(Stored data entries)
——

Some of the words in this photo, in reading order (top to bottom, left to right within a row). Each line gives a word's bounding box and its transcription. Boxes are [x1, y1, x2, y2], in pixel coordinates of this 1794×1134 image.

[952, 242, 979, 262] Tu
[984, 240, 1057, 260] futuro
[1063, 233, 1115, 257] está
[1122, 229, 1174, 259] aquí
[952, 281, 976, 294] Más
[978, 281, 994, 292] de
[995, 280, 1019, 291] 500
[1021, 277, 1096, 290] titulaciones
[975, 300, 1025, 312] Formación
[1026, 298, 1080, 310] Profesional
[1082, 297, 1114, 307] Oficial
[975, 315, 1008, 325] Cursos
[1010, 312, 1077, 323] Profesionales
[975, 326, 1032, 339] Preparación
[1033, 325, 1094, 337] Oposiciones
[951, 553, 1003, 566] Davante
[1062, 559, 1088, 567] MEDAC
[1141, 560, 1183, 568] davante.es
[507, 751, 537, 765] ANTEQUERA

——

The answer is every entry, repeated word for word.

▶ _Finished exercise_
Some of the words in this photo, in reading order (top to bottom, left to right within a row). Each line gives a word's bounding box and its transcription. Boxes are [x1, y1, x2, y2], in pixel coordinates of this 1794×1134 image.

[952, 242, 979, 262] Tu
[984, 240, 1057, 260] futuro
[1063, 233, 1115, 257] está
[1122, 229, 1174, 259] aquí
[952, 281, 976, 294] Más
[978, 281, 994, 292] de
[995, 280, 1019, 291] 500
[1021, 277, 1096, 290] titulaciones
[975, 300, 1025, 312] Formación
[1026, 298, 1080, 310] Profesional
[1082, 297, 1114, 307] Oficial
[975, 315, 1008, 325] Cursos
[1010, 312, 1077, 323] Profesionales
[975, 326, 1032, 339] Preparación
[1033, 325, 1094, 337] Oposiciones
[951, 553, 1003, 566] Davante
[1062, 559, 1088, 567] MEDAC
[1141, 560, 1183, 568] davante.es
[507, 751, 537, 765] ANTEQUERA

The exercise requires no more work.